This is actually skipping very far ahead of the discussion that I was planning, but sometimes events do actually influence my thinking. 🙂
I talked with a friend of mine today. I have never actually met her in person, just online. She strikes me as a real saint. Works as an EMT and a daycare provider. Has several kids of her own and has taken care of more foster kids than you can shake a stick at, and adopted a few. All this with a lazy slacker husband, who has not worked in a couple of years. Superhuman she is. An angel allighted on the earth.
But she is completely overwhelmed. She feels depressed and unworthy. In fact she is on medication for her “depression.” She prays and reads and goes to a Christian counselor (not that the label matters much) but still gets worse. It is a darn shame actually.
Now, don’t think for a moment that I blame “Christianity” for this, or that I think religion should cure clinical depression. But I could not help but think of the advice she might get from a theoretical Christian friend and a theoretical Buddhist one.
OK, her actual friend told her to pray more. He probably also assured her that God loves her and that her reward will be great in Heaven. I have said similar things in the past and heard them as well. The only problem is that many times it just doesn’t cut through the depression. As one of my commenters pointed out, in its most usual current form, Christianity is an exclusivist religion. I can tell you that one of the most heartbreaking feelings is when someone says or feels something like, “But what if He doesn’t?” I am sorry to say but at that point you can say, “He really does love you” all you want and all the person can see is the gates of Hell in front of them. And in most churches, Hell is very real. So a brick wall has been reached. Often times they feel that their “sins” (as my friend seems to) will keep them from heaven. Which is perhaps the very definition of depression.

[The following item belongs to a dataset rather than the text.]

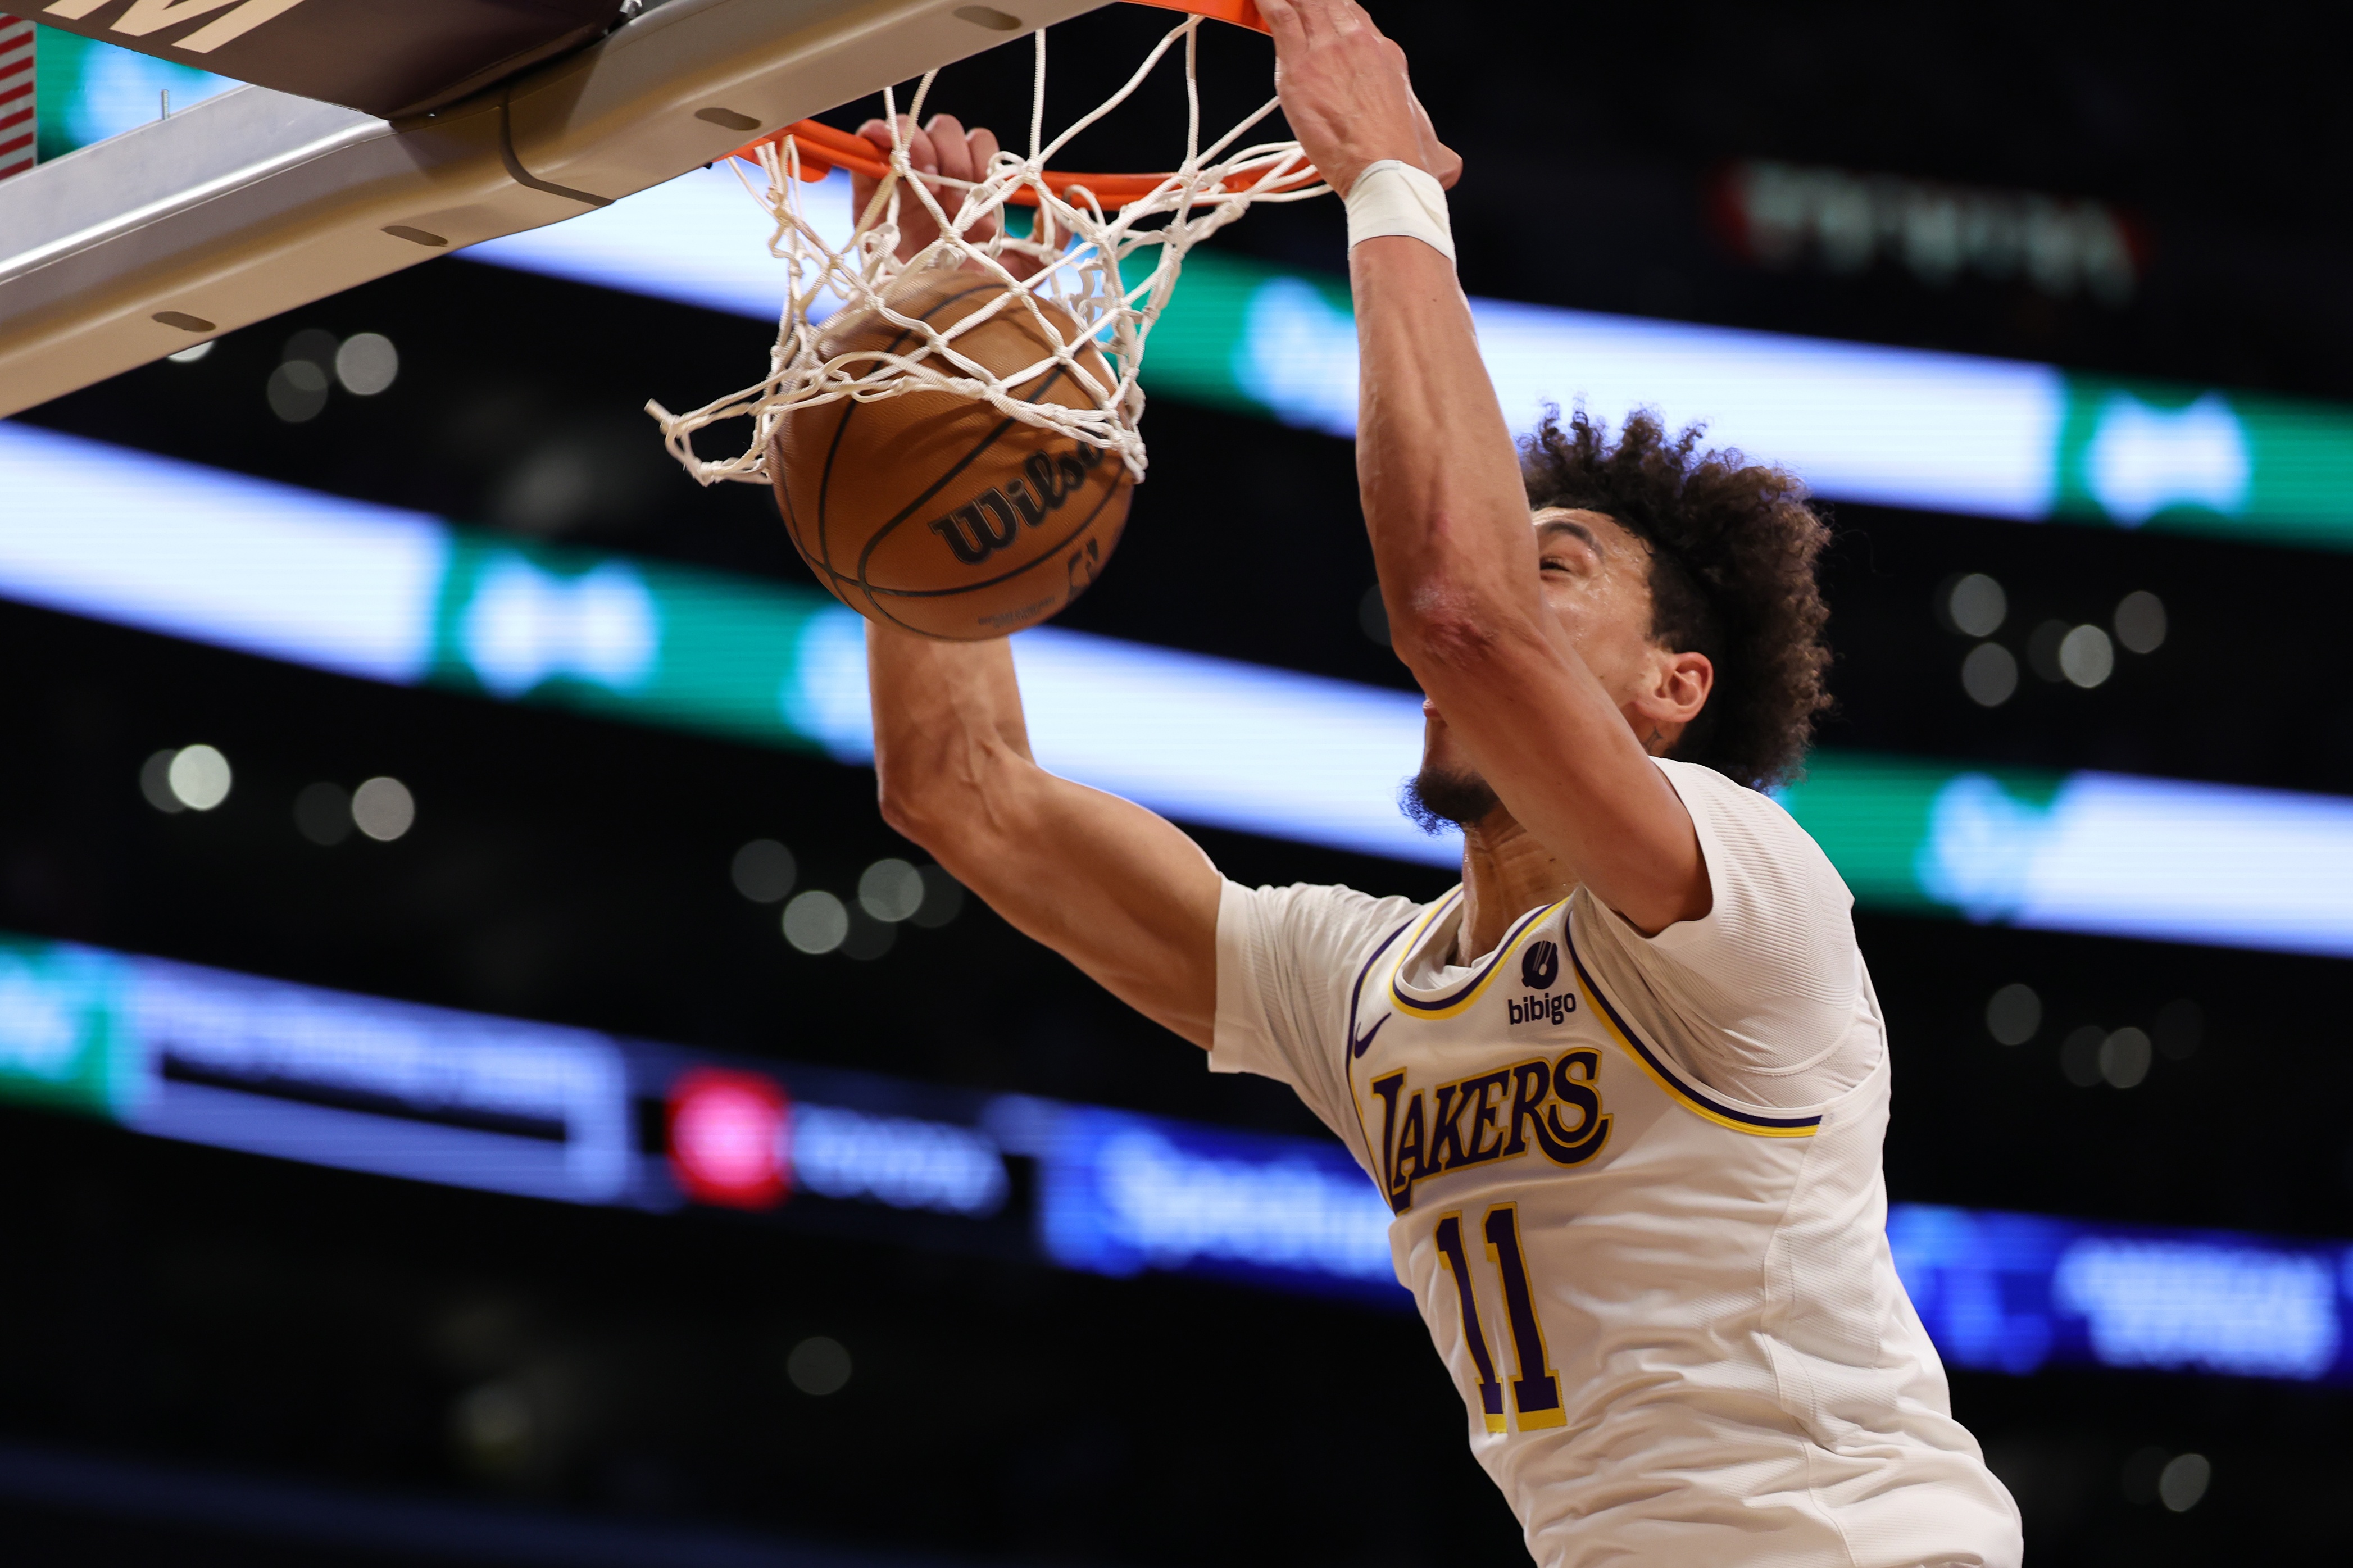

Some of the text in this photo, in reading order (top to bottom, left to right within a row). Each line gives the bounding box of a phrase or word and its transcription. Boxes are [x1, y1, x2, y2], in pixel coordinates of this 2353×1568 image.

Don’t misunderstand, I know there is more the Christian theology than that, and their are lots of other thoughts images and such that can be used. But the road is uphill, I am afraid. But now, let us look at a Buddhist approach.
Same sad, unworthy, overburdened person.
“My friend, you are not unworthy by any means, you are filled with Buddha-nature, your inner goodness or wholeness, or call it the grace of God if you will.”
“No, I am not, am bad, I have sinned”
“But the Buddha says that everything that is alive has Buddha-nature. It can’t be taken away or lost. You have it, snakes have it, plants have it. If it is alive, it has Buddha-nature.”
“Then I must have lost it.”
“You can lose it. It is in every living cell. It is hidden, that is all.”
“Hidden? Where? Somewhere out there?”
I’ll drop the dialogue here. 🙂 It is hidden, the Buddhist would explain, under your ego or wordly mind or some words to that effect. This is the “voice inside your head.” The one that has an opinion on everything, the one that tells you that you should do something else, should be somewhere else, are not working hard enough and so on. The problem is that you take that voice too seriously. Don’t take it seriously, it is just a bunch of thoughts, an illusion. And it is these thoughts that cause our suffering.
It was at this point that my friend interupted me and asked how she could do that, that her head was always full of thousands of thoughts, that the only way to escape them was to take sleeping pills and lapse into a chemical coma. Yes, exactly.
Depression is but an extreme case of samsara, or confusing our thoughts with reality. Thinking that the voice inside our heads is US, instead of our free and clear Buddha-nature (or natural God state, if you want to put it that way).
The Buddha taught a method for quieting those thoughts, and looking beyond the mind and seeing or at least glimpsing the underlying Buddha-nature. Now, I will not claim for one second that the Buddha’s teachings were unique or that other cultures have not discovered the same thing, because they have. But it strikes me that only Buddhism makes it a central part of their religious philosophy. Try asking your priest or minister how to meditate (not pray) . Ask them how to practice mindful watching (or mindfulness, as Tich Nhat Hahn puts it). Perhaps you will get an answer, but most likely not. Maybe even a lecture about the evils of dealing with “eastern mysticism” or something worse.
But Buddhism teaches the actual practice, step by step. How recognize a thought as it bubbles up and how to let it go, to see it as simply a small cloud in a clear sky (as one of the teachings of the Buddha says.) This quieting of the ego is a godsend (no pun intended) to the anxious or depressed person. Which pretty much describes all of us at one time or another.
I was always told in my Catholic education to seek God in the quiet places, but I was never taught how to really be quiet. It is not easy, that is for sure. I would go to those quiet places, but all I would hear was my raging ego: arguing, disputing and frankly, telling me that I was unworthy.
In Buddhist meditation and mindfulness training I am starting to find that quiet place. I have seen glimpses of the Buddha nature. I hope that my friend can find that same quiet place — either by Christian, Buddhist or by whatever means makes sense to her.